More clefs, or a clearer way to set up the ones we have. While the C
clefs are available on many lines, the F and G clefs aren't, and should
be. Specifically the ones I want are mensural1_F on any of the top four
lines, mensural2_g on the bottom three lines, and mensural3_c on all
lines While even I would have trouble justifying mensural_g on the top
line, G on four lines, and F and C on five are a logical approach. And
if the flags make mf-work desirable, I would love to have the clefs made
to look a bit more like petrucci's (maybe time to add petrucci1_c/f/g?).
They're lovely, consistant, and very personable. If Lilypond wants to
typeset beautiful music, then for mensural notation, Petrucci is where
to get your inspirations!

Bug report on ancient-font.ly output in Lilypond 1.4.4:
The compiler complains every time it encounters 
\property Voice.Stem \override #'stem-centered = ##t
saying that it has no idea what stem-centered is. However, it does print
centered stems!
Additionally, it seems that 
\property Staff.StaffSymbol \override #'line-count = #4
is only half-obeyed. There are no objections to parsing it, and
vaticana_fa1 falls on the third space down...but there are five lines.
Apparently the fifth (first if you count from the bottom) isn't noticed
by whatever places the clef, but it's printed.

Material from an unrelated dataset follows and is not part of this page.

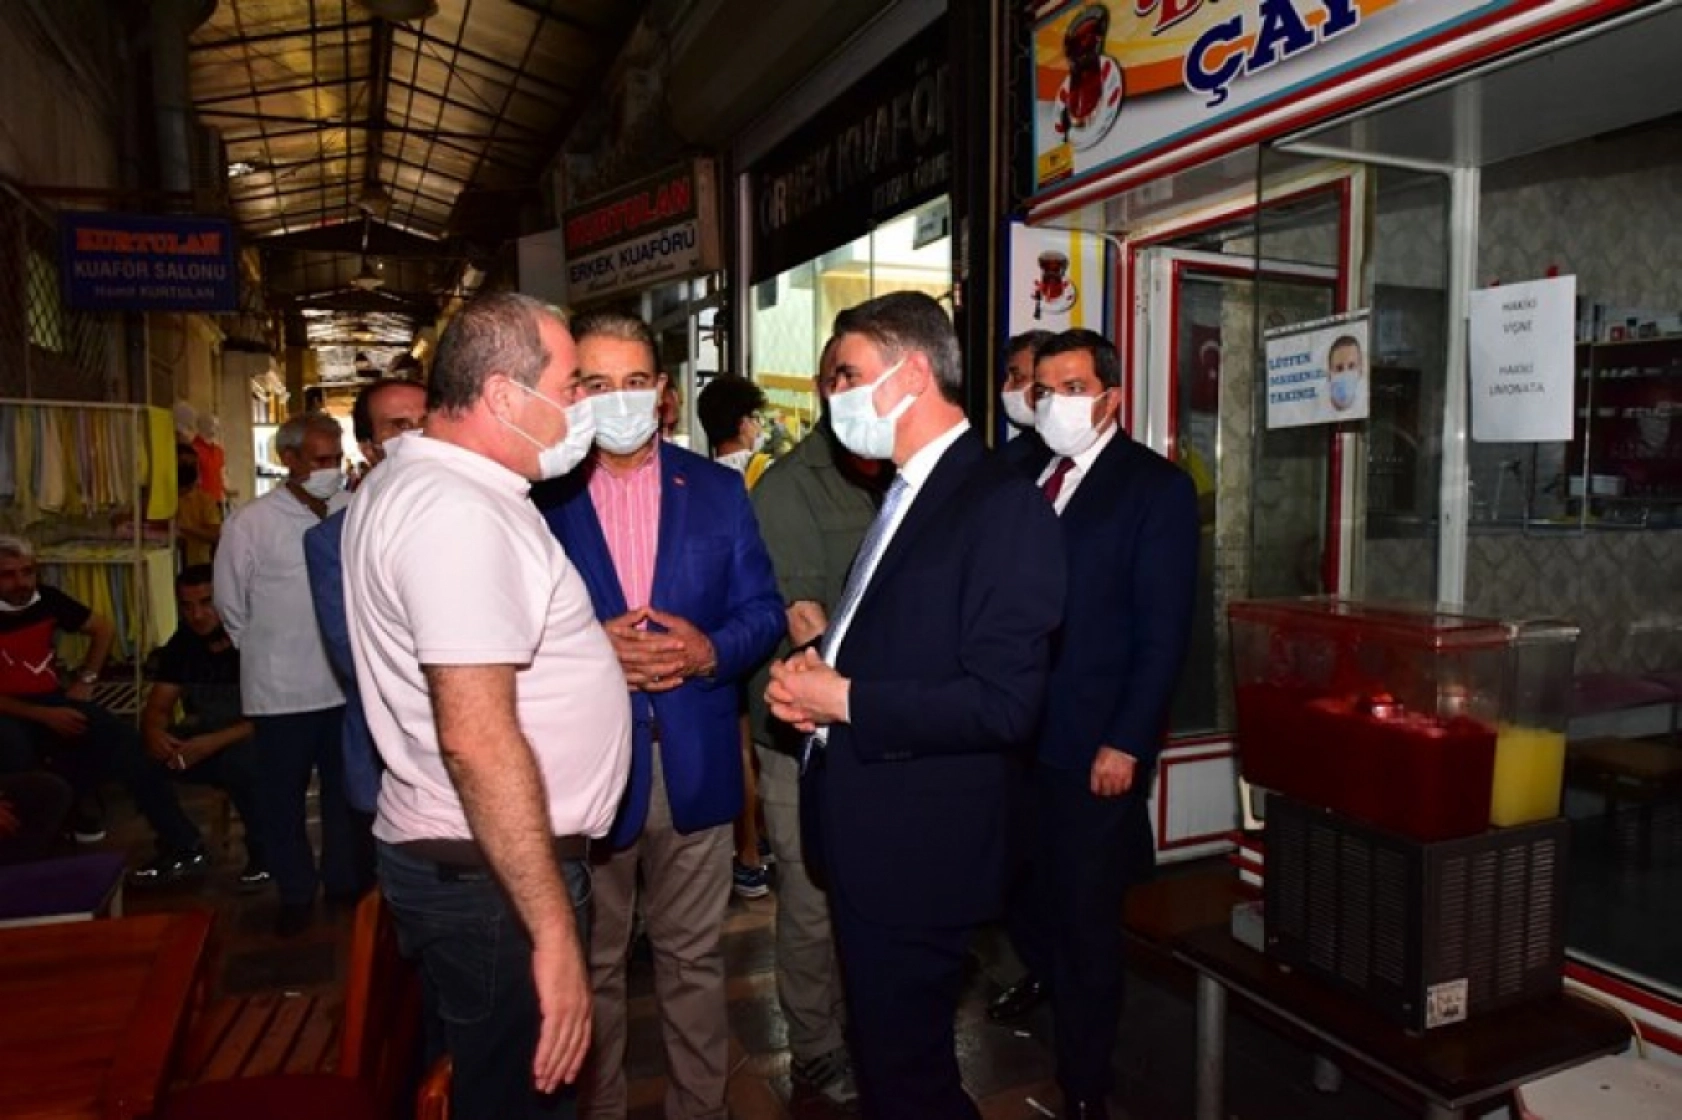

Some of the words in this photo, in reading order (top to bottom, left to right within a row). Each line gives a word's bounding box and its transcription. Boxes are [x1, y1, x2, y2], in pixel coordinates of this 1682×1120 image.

In summary, what I'm looking for are:
-new ways of keeping track of note values which are based less on
measures than on finding
a good place to split barless scores, but which still align notes
vertically in a method that makes reading and understanding easier.
-a better ancient font which benefits from the balance and placement
rules obvious in the better of original sources
-a better set of ancient font clefs, at the very least allowing the
mensural clefs to be placed on any line. (placement of the Cclef on the
third space up would be interesting... but not something I'm asking for)
and the possibility of a new clef set which is based on Petrucci's
fonts.
-a mode that is useful in both ancient and modern font settings, which
allows either {entering music without consideration of barlines and
splits compound (bar-crossing) values automagically when needed} or
{entering music with ~'s which are taken like barchecks now: suggestions
in barred layouts, and count-ligitures in barless layouts} resulting in
a single input producing a proper output in barless/non-tie and
barless/tie-over-bar modes.
-ligiture braces and coloration grouping indicators, which place
'rectangular braces' (like truplet brackets without numbers, and
indicated by start and stop, rather than tuplet values) over notes that
had been in ligitures and 'flip' displayed forms of notes where
coloration is wanted. (Maybe a \color variable to set when using color
printer output? 8^)

and of course,
- things like the number of lines should actually be displayed properly!

I suppose this should be queued up for 1.6 or 1.7?